Clinical data presented today demonstrates the combination of tarlatamab with anti-PD-L1 therapy as first-line maintenance has an acceptable safety profile and resulted in unprecedented overall survival in patients with extensive-stage small cell lung cancer (ES-SCLC).
K.G. Paulson, MD, Providence-Swedish Cancer Institute, Seattle, Wash., presented new safety and efficacy data from the phase 1b DeLLphi-303 trial evaluating tarlatamab in combination with anti-PD-L1 therapy as first-line maintenance treatment for ES-SCLC at the International Association for the Study of Lung Cancer (IASLC) 2025 World Conference on Lung Cancer (WCLC) in Barcelona, Spain.

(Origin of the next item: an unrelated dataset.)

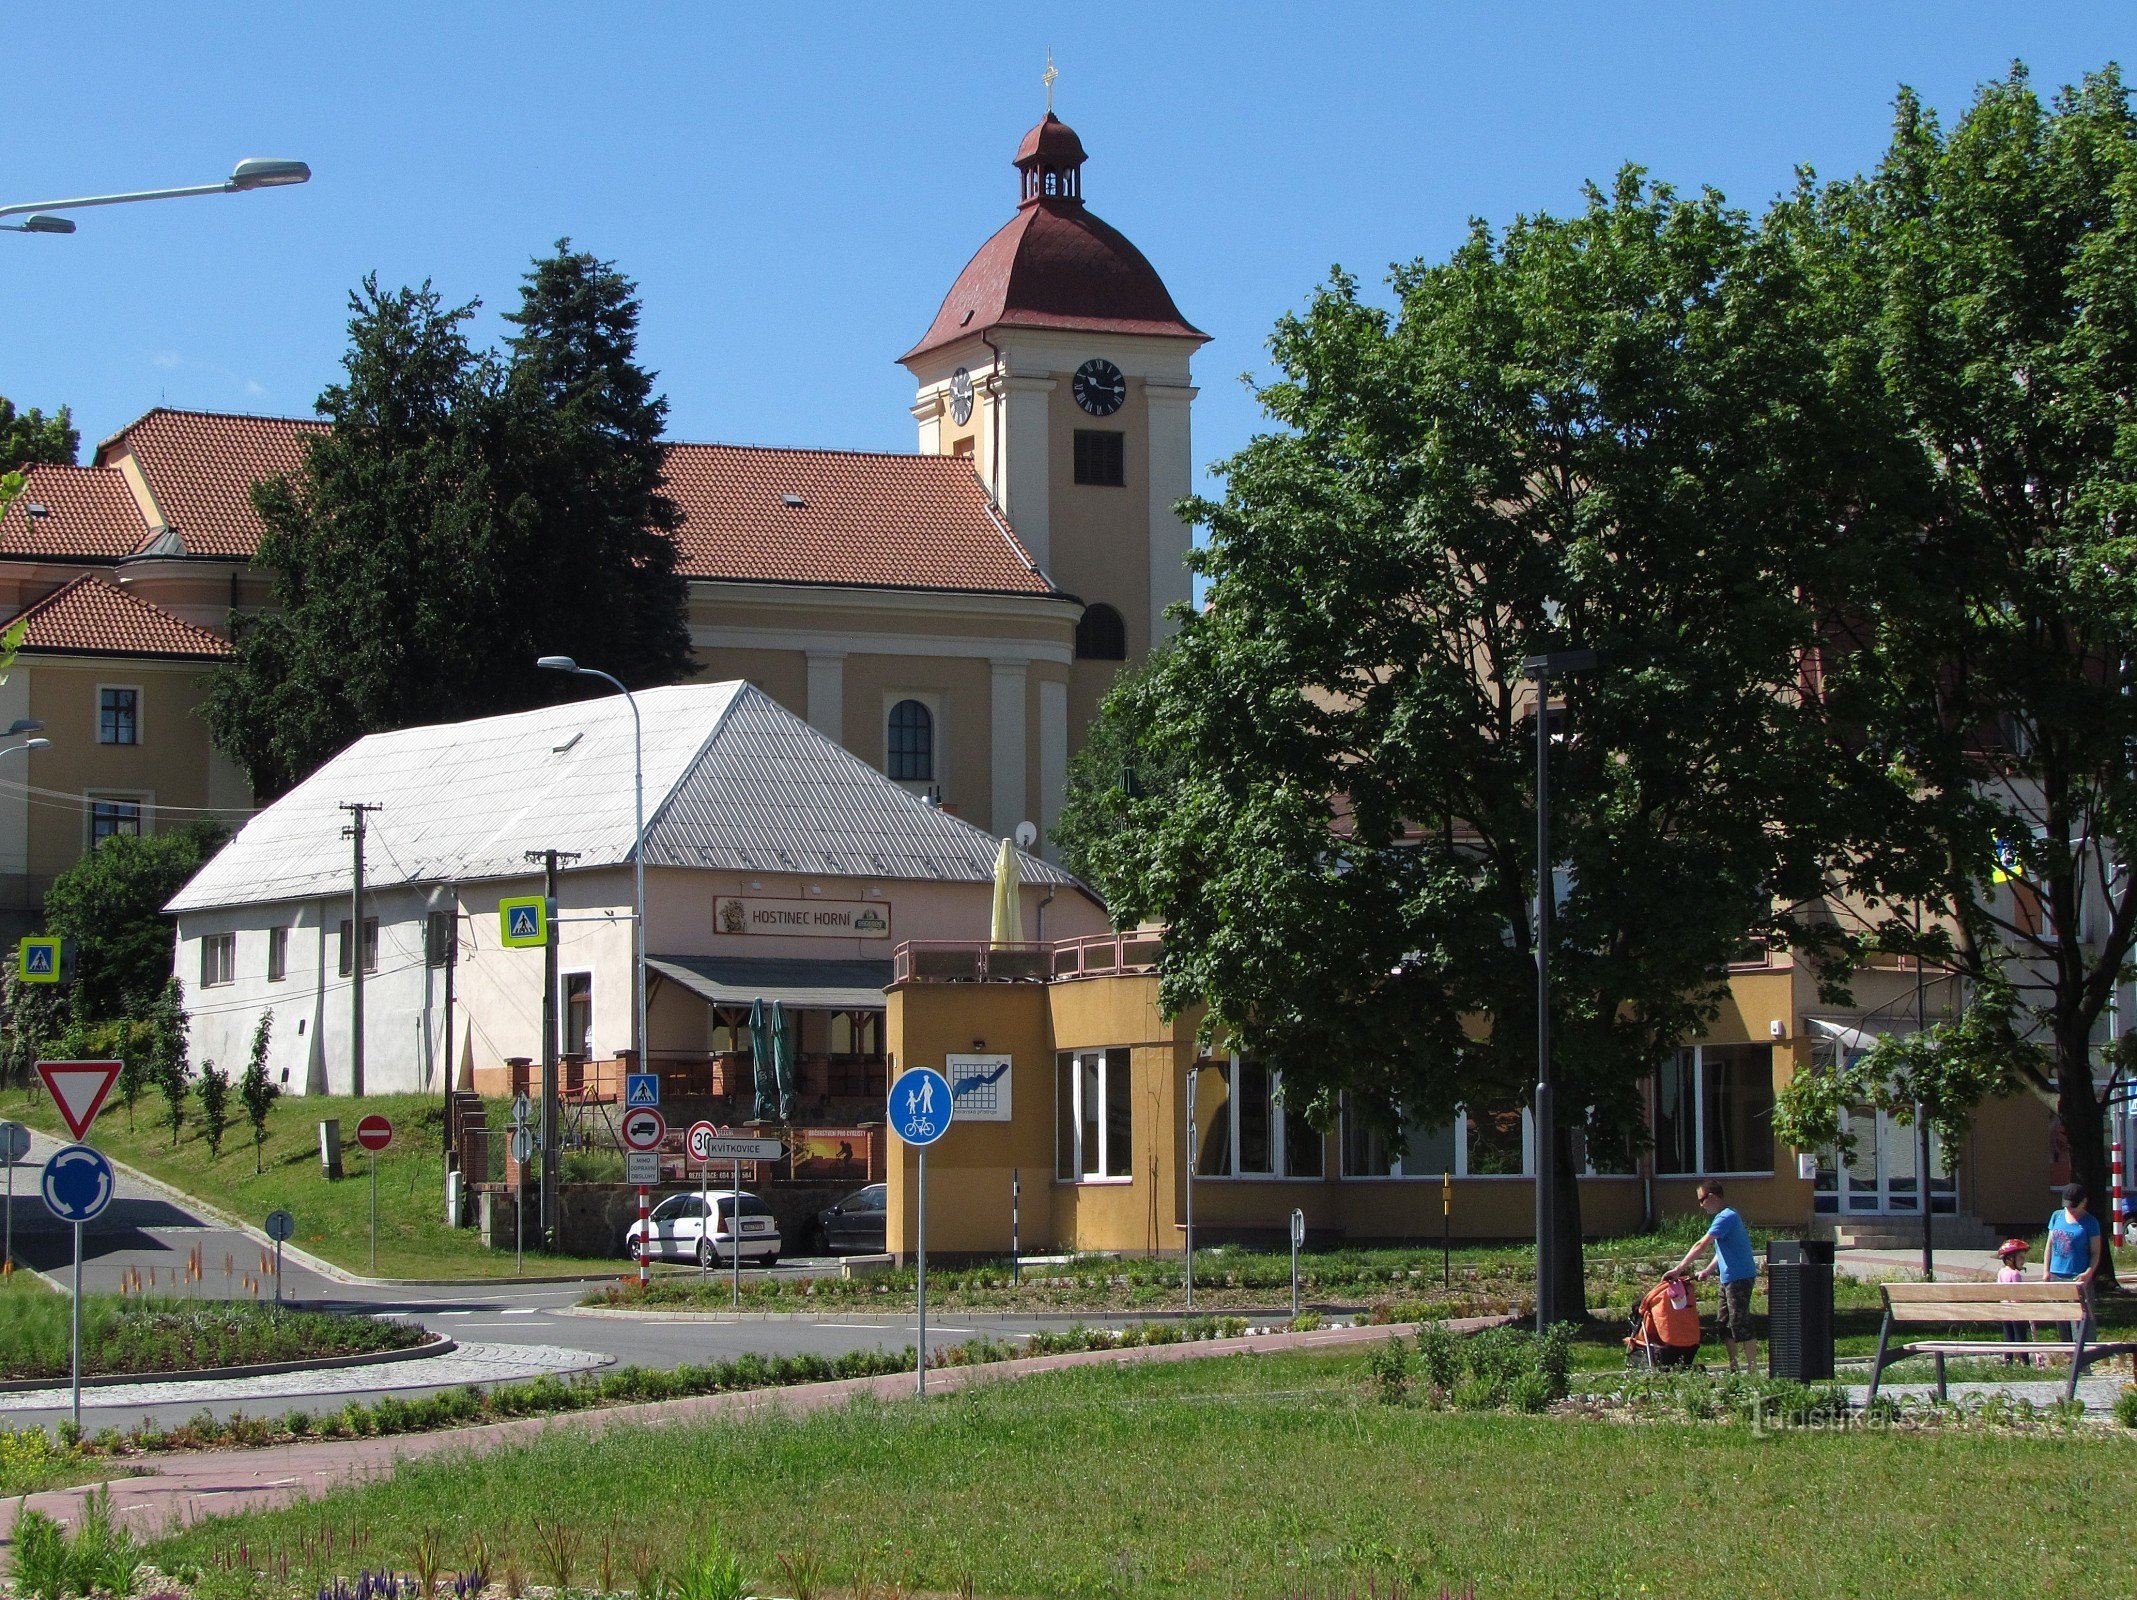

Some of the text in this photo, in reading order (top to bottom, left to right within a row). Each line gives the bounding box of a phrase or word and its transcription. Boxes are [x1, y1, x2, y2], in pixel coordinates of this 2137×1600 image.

[752, 910, 810, 925] HOSTINEC
[814, 911, 852, 926] HORNÍ
[711, 1143, 760, 1153] KVÍTKOVICE

Tarlatamab is a bispecific T-cell engager (BiTE®) immunotherapy designed to direct cytotoxic T cells to target and destroy cancer cells expressing delta-like ligand 3 (DLL3). Previous studies have shown tarlatamab prolongs overall survival in the second-line SCLC setting. In the DeLLphi-303 trial, investigators evaluated tarlatamab's safety and efficacy in the first-line maintenance setting in combination with either atezolizumab or durvalumab.

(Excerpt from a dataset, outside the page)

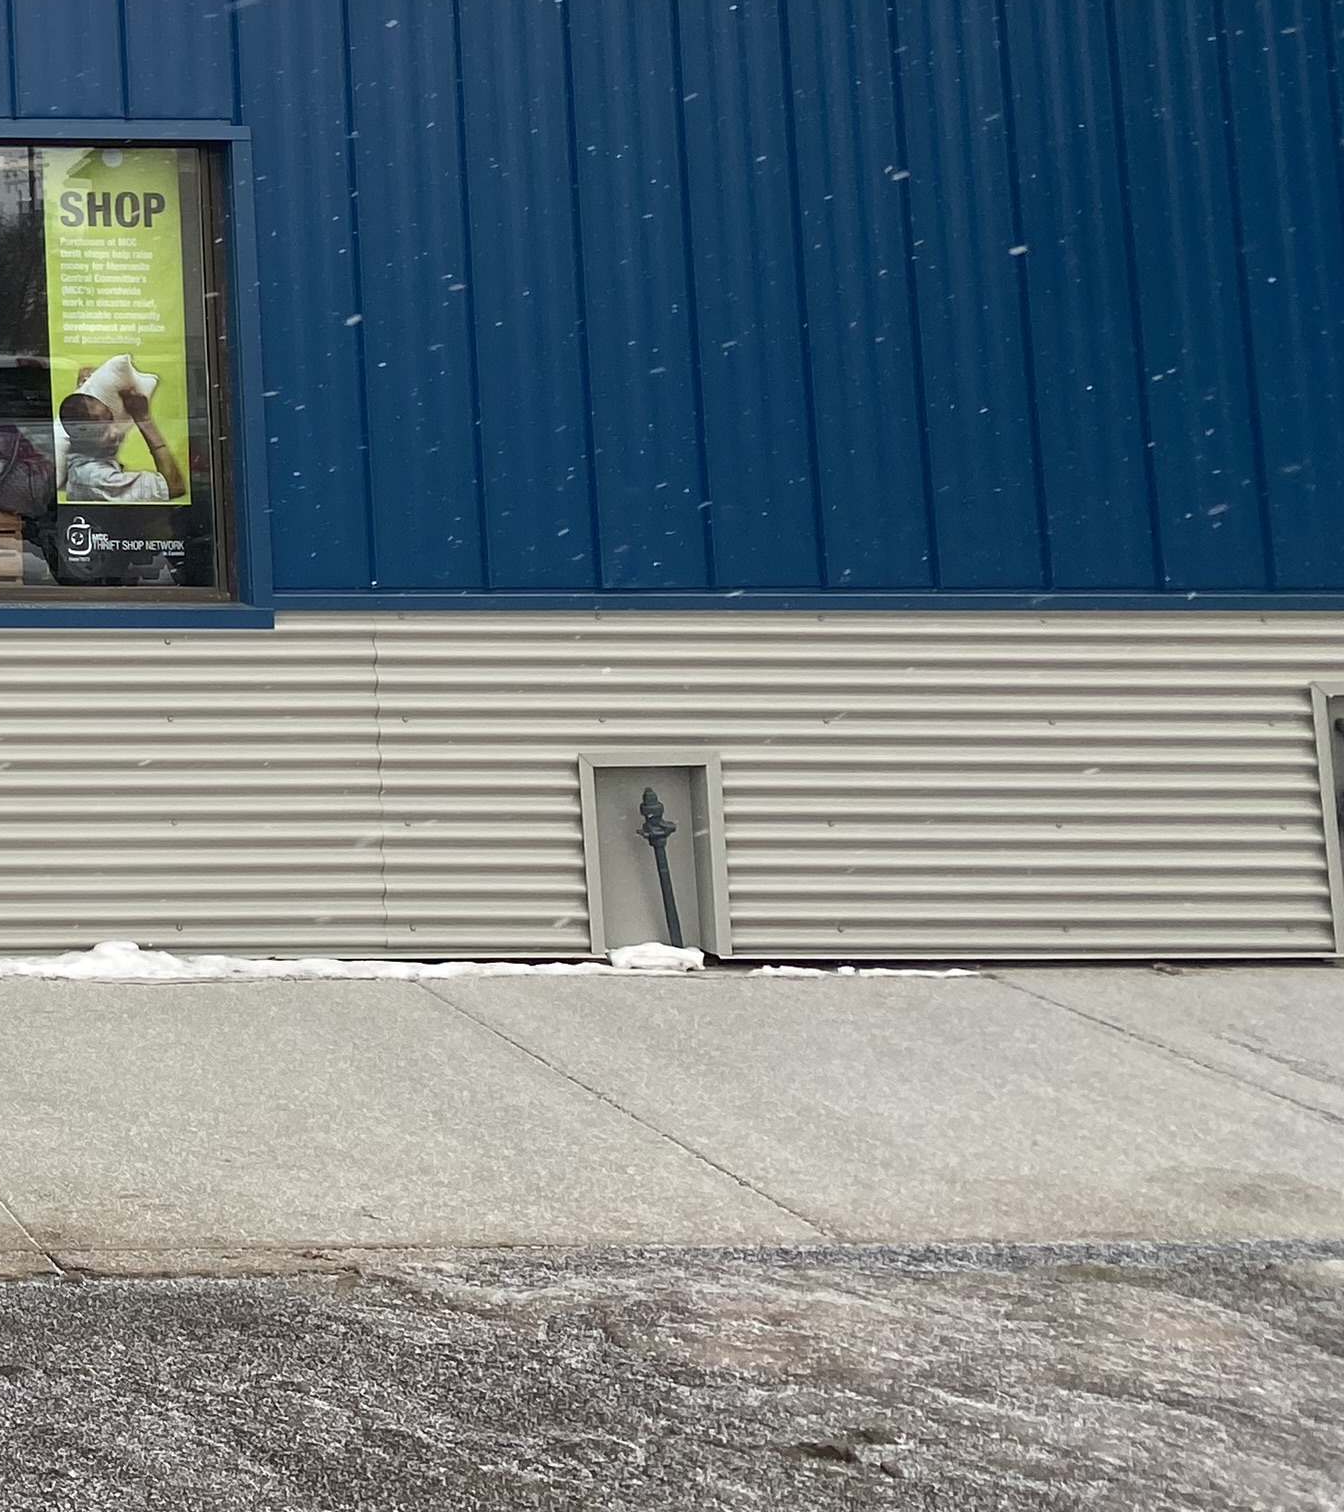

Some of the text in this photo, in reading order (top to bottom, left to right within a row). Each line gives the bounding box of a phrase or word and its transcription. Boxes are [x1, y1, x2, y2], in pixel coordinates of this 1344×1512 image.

The phase 1b trial enrolled 88 patients with ES-SCLC who had completed 4–6 cycles of platinum-etoposide chemotherapy and anti-PD-L1 (unless unavailable) without disease progression. Within 8 weeks of the start of their last chemo-immunotherapy cycle, patients began maintenance treatment with tarlatamab (10 mg IV every two weeks) in combination with either atezolizumab (1680 mg IV every four weeks) or durvalumab (1500 mg IV every four weeks) until disease progression.
After a median follow-up of 18.4 months, the median overall survival (OS) was 25.3 months (95% CI, 20.3–not reached), and the median progression-free survival (PFS) was 5.6 months (95% CI, 3.5–9.0). The most common tarlatamab-related adverse event was cytokine release syndrome, occurring in 56% of patients-predominantly grade 1 in severity. Immune effector cell-associated neurotoxicity syndrome occurred in 6% of patients. Importantly, treatment-emergent and treatment-related adverse events decreased over time, demonstrating long-term tolerability.

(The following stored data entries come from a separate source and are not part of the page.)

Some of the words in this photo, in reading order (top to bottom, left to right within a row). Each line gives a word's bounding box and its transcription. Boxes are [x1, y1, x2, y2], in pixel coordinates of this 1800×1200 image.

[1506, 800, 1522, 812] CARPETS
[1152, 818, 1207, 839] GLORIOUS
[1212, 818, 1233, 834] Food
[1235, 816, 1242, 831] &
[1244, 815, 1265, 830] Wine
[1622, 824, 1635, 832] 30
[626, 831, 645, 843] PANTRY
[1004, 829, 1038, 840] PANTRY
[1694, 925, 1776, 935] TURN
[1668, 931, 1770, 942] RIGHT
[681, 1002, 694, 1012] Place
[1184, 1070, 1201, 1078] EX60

The combination of tarlatamab with anti-PD-L1 therapy as first-line maintenance demonstrates a manageable safety profile and unprecedented overall survival in this patient population. These results support further evaluation of this combination in the active phase 3 DeLLphi-305 trial (NCT06211036) as a promising therapeutic strategy in first-line ES-SCLC."
K.G. Paulson, MD, lead investigator, Providence-Swedish Cancer Institute, Seattle, Wash.